Barence writes "Twitter's battle to keep the microblogging service from falling over is having a dire affect on third-party Twitter apps. Users of Twitter-related apps such as TweetDeck, Echofon and even Twitter's own mobile software have complained of a lack of updates, after the company imposed strict limits on the number of times third-party apps can access the service. Over the past week, Twitter has reduced the number of API calls from 350 to 175 an hour. At one point last week, that number was temporarily reduced to only 75. A warning on TweetDeck's support page states that users 'should allow TweetDeck to ensure you do not run out of calls, although with such a small API limit, your refresh rates will be very slow.'"

5 of 119 comments (clear)

  1. 75 updates per hour by VisiX · · Score: 4, Interesting

    Any information that needs to be distributed more than once per minute probably shouldn't be relying on twitter.

  2. Protocol overhead by ickleberry · · Score: 3, Interesting

    I wonder if it would have much of an impact if they switched from the verbose JSON/XML over HTTP formats for the API to a binary UDP-based protocol. Twitter seems well suited to such a protocol since it is so simple and the messages ar so short

    Is it that they are doing too much processing on the data, wasting too much bandwidth or is their database causing trouble? Since its twitter obviously any bandwidth used is a waste, but you know what I mean

  3. Re:Are They Employing an Event/Listener Paradigm? by Late+Adopter · · Score: 2, Interesting

    I agree, that's the "right" way to tackle subscription mechanisms. But it's not the right way to tackle Twitter, because one of the defining features of Twitter is its ubiquity: i.e. if you have a phone/computer/netbook that's capable of running any sort of app whatsoever, you can run a Twitter app. As it stands now to write a Twitter client, you need to be able to do HTTP GET requests (every modern environment provides for this) and parse XML. That's it. But to do pub/sub, you'd presumably need to be able to listen, which you can't always do, say, on a smartphone or a Firefox extension.
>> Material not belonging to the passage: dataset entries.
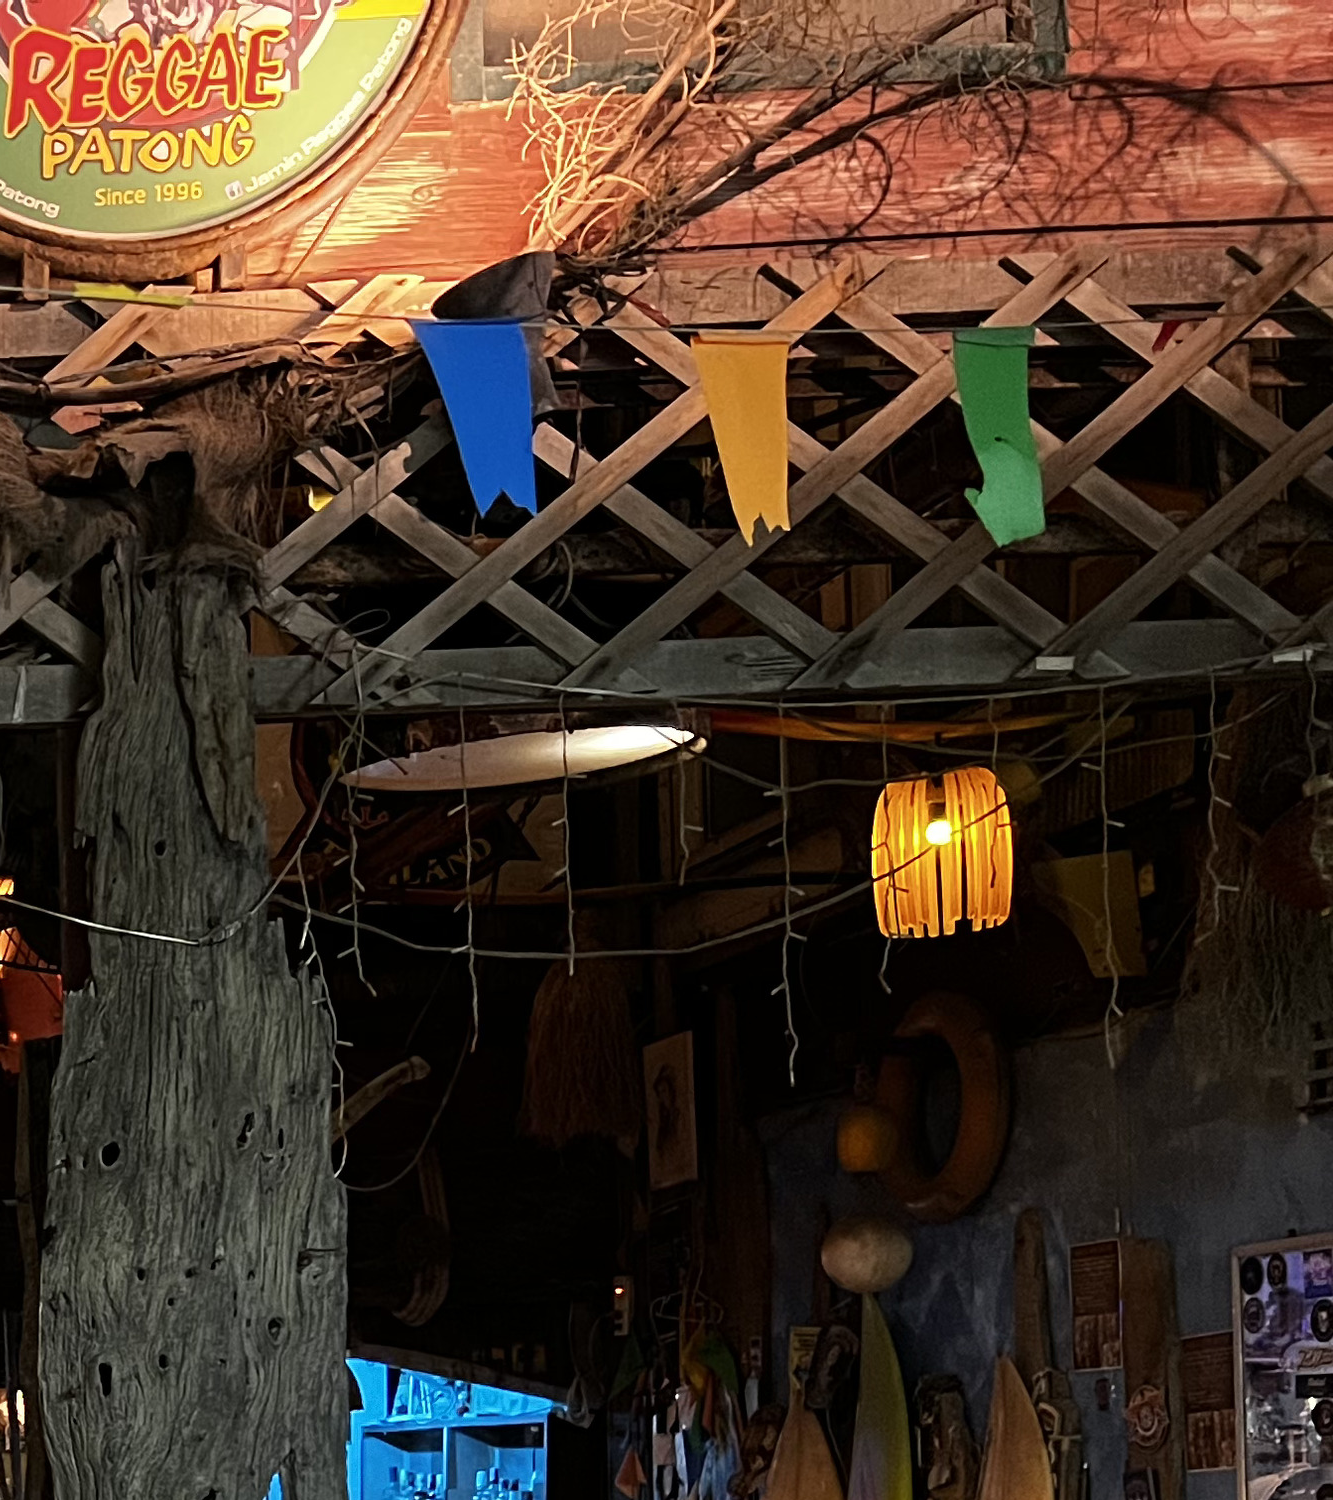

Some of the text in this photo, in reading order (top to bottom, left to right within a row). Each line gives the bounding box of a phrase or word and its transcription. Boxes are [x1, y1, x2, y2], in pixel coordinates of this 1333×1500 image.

[4, 26, 289, 138] REGGAE
[244, 152, 303, 193] Jamin
[359, 17, 413, 92] Patong
[41, 114, 257, 180] PATONG
[94, 181, 203, 207] Since 1996
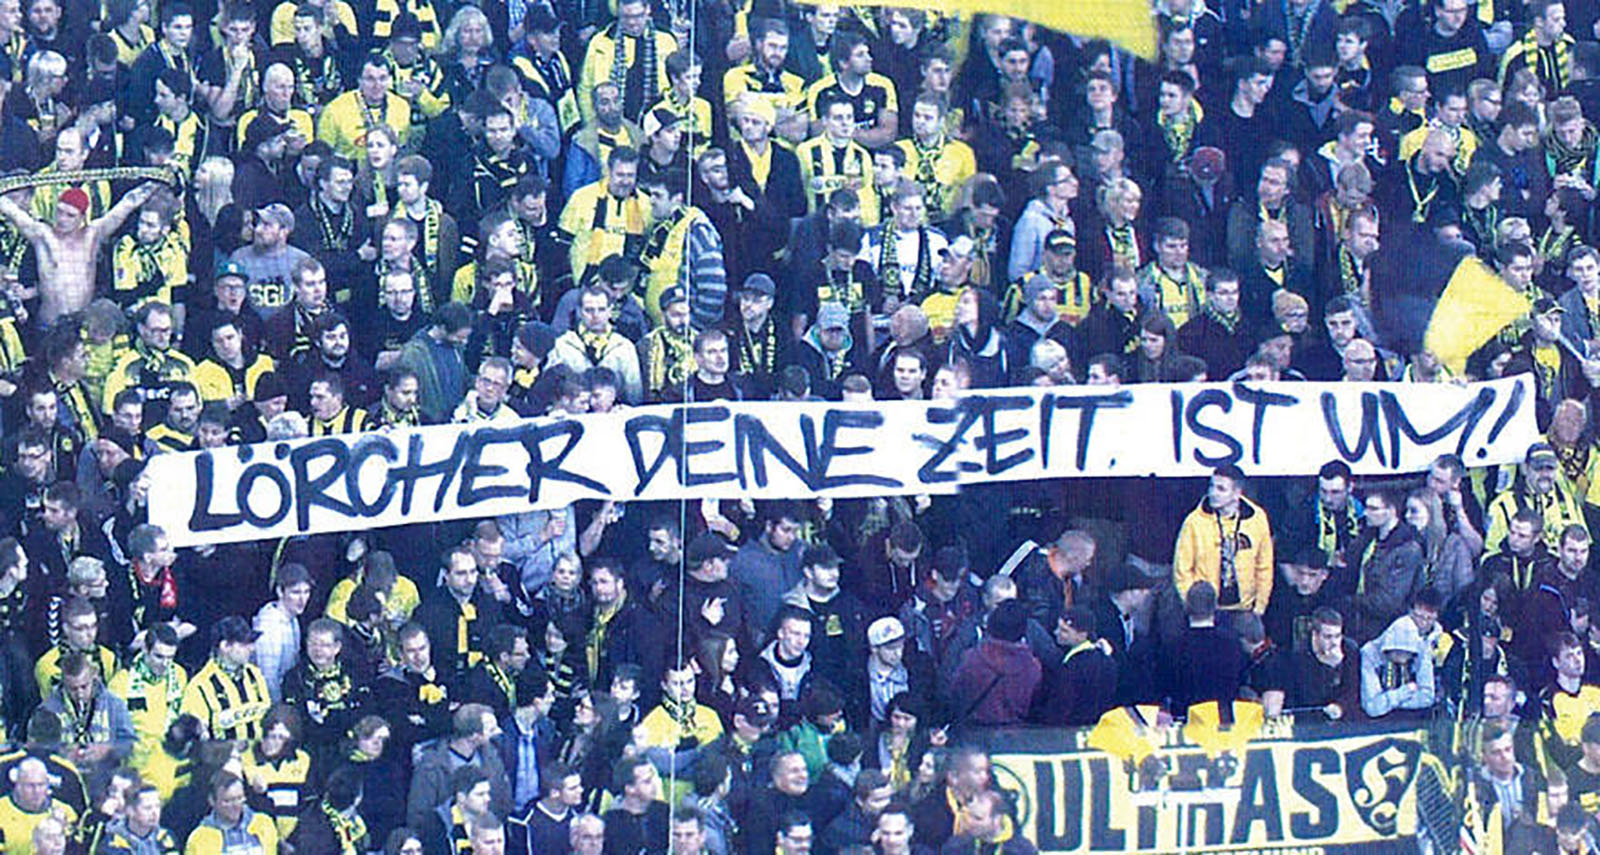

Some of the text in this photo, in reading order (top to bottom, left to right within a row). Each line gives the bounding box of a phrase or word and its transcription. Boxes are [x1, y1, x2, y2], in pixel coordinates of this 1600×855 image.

[189, 418, 612, 532] LÖRCHER
[624, 405, 905, 496] DEINE
[1170, 382, 1300, 468] IST
[1319, 378, 1527, 470] UM!
  4. Re:It's time to ditch the NoSQL bullshit. by Amouth · · Score: 2, Interesting

    Lowes hardware does - there is a local server in the store that serves as a caching server only if the main trunk fails.

    --
    '...if only "Jumping to a Conclusion" was an event in the Olympics.'
  5. Re:It's time to ditch the NoSQL bullshit. by Knux · · Score: 3, Interesting

    Any telecom does way more than that.

    I've worked in a big telecom with 40mi+ clients and I've seen an 8 nodes Oracle RAC responsible for the whole pre-paid client database handle far, far more transactions and queries than Twitter says it does.

    Each regional server responsible for authorizing the calls has a 2 node Oracle RAC and it too handles far more transactions and queries than Twitter.

    So, there you go... The excuse to use NoSQL was that it is quicker in some cases. It's not, time to move back to RDBMS.